→ **Required action**
The full listing should be set down again precisely.

→ **Input data**
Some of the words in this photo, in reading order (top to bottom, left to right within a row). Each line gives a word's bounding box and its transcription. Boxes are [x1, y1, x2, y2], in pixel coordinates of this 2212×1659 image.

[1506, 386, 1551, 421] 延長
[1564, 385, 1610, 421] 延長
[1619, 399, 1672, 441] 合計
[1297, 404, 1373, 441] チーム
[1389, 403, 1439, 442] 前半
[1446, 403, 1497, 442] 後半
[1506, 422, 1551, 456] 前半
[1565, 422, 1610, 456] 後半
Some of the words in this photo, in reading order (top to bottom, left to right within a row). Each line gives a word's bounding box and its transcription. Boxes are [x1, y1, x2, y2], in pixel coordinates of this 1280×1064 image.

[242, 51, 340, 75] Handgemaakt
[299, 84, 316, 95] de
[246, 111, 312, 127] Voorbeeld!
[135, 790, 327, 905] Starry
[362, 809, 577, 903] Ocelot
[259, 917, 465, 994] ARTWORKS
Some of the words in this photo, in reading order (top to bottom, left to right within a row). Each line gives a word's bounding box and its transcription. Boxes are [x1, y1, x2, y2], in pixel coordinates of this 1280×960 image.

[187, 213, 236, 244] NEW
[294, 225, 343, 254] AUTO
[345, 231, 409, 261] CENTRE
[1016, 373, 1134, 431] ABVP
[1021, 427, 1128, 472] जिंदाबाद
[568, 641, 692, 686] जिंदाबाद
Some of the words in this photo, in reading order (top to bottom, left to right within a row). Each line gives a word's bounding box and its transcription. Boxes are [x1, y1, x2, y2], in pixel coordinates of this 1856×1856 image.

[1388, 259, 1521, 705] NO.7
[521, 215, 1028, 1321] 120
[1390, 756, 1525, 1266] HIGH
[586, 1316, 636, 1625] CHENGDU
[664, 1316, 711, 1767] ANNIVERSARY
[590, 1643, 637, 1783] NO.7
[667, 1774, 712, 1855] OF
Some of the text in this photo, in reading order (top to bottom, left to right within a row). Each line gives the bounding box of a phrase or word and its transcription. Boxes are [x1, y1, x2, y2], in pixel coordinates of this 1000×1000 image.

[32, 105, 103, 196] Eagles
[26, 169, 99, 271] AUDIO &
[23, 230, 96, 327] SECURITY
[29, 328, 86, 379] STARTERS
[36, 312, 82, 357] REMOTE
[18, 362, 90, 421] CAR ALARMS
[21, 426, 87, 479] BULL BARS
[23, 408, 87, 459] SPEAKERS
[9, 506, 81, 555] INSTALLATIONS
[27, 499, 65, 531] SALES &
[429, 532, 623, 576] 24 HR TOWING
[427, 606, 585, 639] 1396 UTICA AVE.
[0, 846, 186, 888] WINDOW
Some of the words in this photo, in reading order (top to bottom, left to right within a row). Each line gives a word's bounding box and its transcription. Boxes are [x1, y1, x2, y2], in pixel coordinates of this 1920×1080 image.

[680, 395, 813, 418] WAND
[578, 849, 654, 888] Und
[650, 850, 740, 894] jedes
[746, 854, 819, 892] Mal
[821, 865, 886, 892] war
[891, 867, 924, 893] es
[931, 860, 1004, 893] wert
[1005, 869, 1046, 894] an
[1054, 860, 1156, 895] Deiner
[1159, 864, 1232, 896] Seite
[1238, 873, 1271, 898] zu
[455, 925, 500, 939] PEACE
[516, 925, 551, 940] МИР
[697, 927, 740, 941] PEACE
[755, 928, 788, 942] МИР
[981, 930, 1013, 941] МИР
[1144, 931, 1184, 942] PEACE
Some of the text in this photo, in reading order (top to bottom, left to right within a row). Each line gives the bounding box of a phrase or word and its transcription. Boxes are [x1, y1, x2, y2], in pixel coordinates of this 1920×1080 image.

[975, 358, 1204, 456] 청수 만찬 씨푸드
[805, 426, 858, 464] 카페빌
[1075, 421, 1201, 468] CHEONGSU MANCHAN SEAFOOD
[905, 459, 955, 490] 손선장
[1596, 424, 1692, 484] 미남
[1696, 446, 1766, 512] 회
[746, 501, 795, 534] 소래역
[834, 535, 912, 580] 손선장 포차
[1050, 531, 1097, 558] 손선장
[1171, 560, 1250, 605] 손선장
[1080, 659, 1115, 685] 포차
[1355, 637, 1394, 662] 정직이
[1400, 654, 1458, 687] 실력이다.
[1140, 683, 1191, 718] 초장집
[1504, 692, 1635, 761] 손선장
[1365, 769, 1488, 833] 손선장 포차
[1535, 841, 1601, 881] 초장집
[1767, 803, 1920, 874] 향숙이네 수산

→ **Response box**
Some of the words in this photo, in reading order (top to bottom, left to right within a row). Each line gives a word's bounding box and its transcription. Boxes are [x1, y1, x2, y2], in pixel coordinates of this 2212×1659 image.

[1506, 386, 1551, 421] 延長
[1564, 385, 1610, 421] 延長
[1619, 399, 1672, 441] 合計
[1297, 404, 1373, 441] チーム
[1389, 403, 1439, 442] 前半
[1446, 403, 1497, 442] 後半
[1506, 422, 1551, 456] 前半
[1565, 422, 1610, 456] 後半
Some of the words in this photo, in reading order (top to bottom, left to right within a row). Each line gives a word's bounding box and its transcription. Boxes are [x1, y1, x2, y2], in pixel coordinates of this 1280×1064 image.

[242, 51, 340, 75] Handgemaakt
[299, 84, 316, 95] de
[246, 111, 312, 127] Voorbeeld!
[135, 790, 327, 905] Starry
[362, 809, 577, 903] Ocelot
[259, 917, 465, 994] ARTWORKS
Some of the words in this photo, in reading order (top to bottom, left to right within a row). Each line gives a word's bounding box and its transcription. Boxes are [x1, y1, x2, y2], in pixel coordinates of this 1280×960 image.

[187, 213, 236, 244] NEW
[294, 225, 343, 254] AUTO
[345, 231, 409, 261] CENTRE
[1016, 373, 1134, 431] ABVP
[1021, 427, 1128, 472] जिंदाबाद
[568, 641, 692, 686] जिंदाबाद
Some of the words in this photo, in reading order (top to bottom, left to right within a row). Each line gives a word's bounding box and its transcription. Boxes are [x1, y1, x2, y2], in pixel coordinates of this 1856×1856 image.

[1388, 259, 1521, 705] NO.7
[521, 215, 1028, 1321] 120
[1390, 756, 1525, 1266] HIGH
[586, 1316, 636, 1625] CHENGDU
[664, 1316, 711, 1767] ANNIVERSARY
[590, 1643, 637, 1783] NO.7
[667, 1774, 712, 1855] OF
Some of the text in this photo, in reading order (top to bottom, left to right within a row). Each line gives the bounding box of a phrase or word and its transcription. Boxes are [x1, y1, x2, y2], in pixel coordinates of this 1000×1000 image.

[32, 105, 103, 196] Eagles
[26, 169, 99, 271] AUDIO &
[23, 230, 96, 327] SECURITY
[29, 328, 86, 379] STARTERS
[36, 312, 82, 357] REMOTE
[18, 362, 90, 421] CAR ALARMS
[21, 426, 87, 479] BULL BARS
[23, 408, 87, 459] SPEAKERS
[9, 506, 81, 555] INSTALLATIONS
[27, 499, 65, 531] SALES &
[429, 532, 623, 576] 24 HR TOWING
[427, 606, 585, 639] 1396 UTICA AVE.
[0, 846, 186, 888] WINDOW
Some of the words in this photo, in reading order (top to bottom, left to right within a row). Each line gives a word's bounding box and its transcription. Boxes are [x1, y1, x2, y2], in pixel coordinates of this 1920×1080 image.

[680, 395, 813, 418] WAND
[578, 849, 654, 888] Und
[650, 850, 740, 894] jedes
[746, 854, 819, 892] Mal
[821, 865, 886, 892] war
[891, 867, 924, 893] es
[931, 860, 1004, 893] wert
[1005, 869, 1046, 894] an
[1054, 860, 1156, 895] Deiner
[1159, 864, 1232, 896] Seite
[1238, 873, 1271, 898] zu
[455, 925, 500, 939] PEACE
[516, 925, 551, 940] МИР
[697, 927, 740, 941] PEACE
[755, 928, 788, 942] МИР
[981, 930, 1013, 941] МИР
[1144, 931, 1184, 942] PEACE
Some of the text in this photo, in reading order (top to bottom, left to right within a row). Each line gives the bounding box of a phrase or word and its transcription. Boxes are [x1, y1, x2, y2], in pixel coordinates of this 1920×1080 image.

[975, 358, 1204, 456] 청수 만찬 씨푸드
[805, 426, 858, 464] 카페빌
[1075, 421, 1201, 468] CHEONGSU MANCHAN SEAFOOD
[905, 459, 955, 490] 손선장
[1596, 424, 1692, 484] 미남
[1696, 446, 1766, 512] 회
[746, 501, 795, 534] 소래역
[834, 535, 912, 580] 손선장 포차
[1050, 531, 1097, 558] 손선장
[1171, 560, 1250, 605] 손선장
[1080, 659, 1115, 685] 포차
[1355, 637, 1394, 662] 정직이
[1400, 654, 1458, 687] 실력이다.
[1140, 683, 1191, 718] 초장집
[1504, 692, 1635, 761] 손선장
[1365, 769, 1488, 833] 손선장 포차
[1535, 841, 1601, 881] 초장집
[1767, 803, 1920, 874] 향숙이네 수산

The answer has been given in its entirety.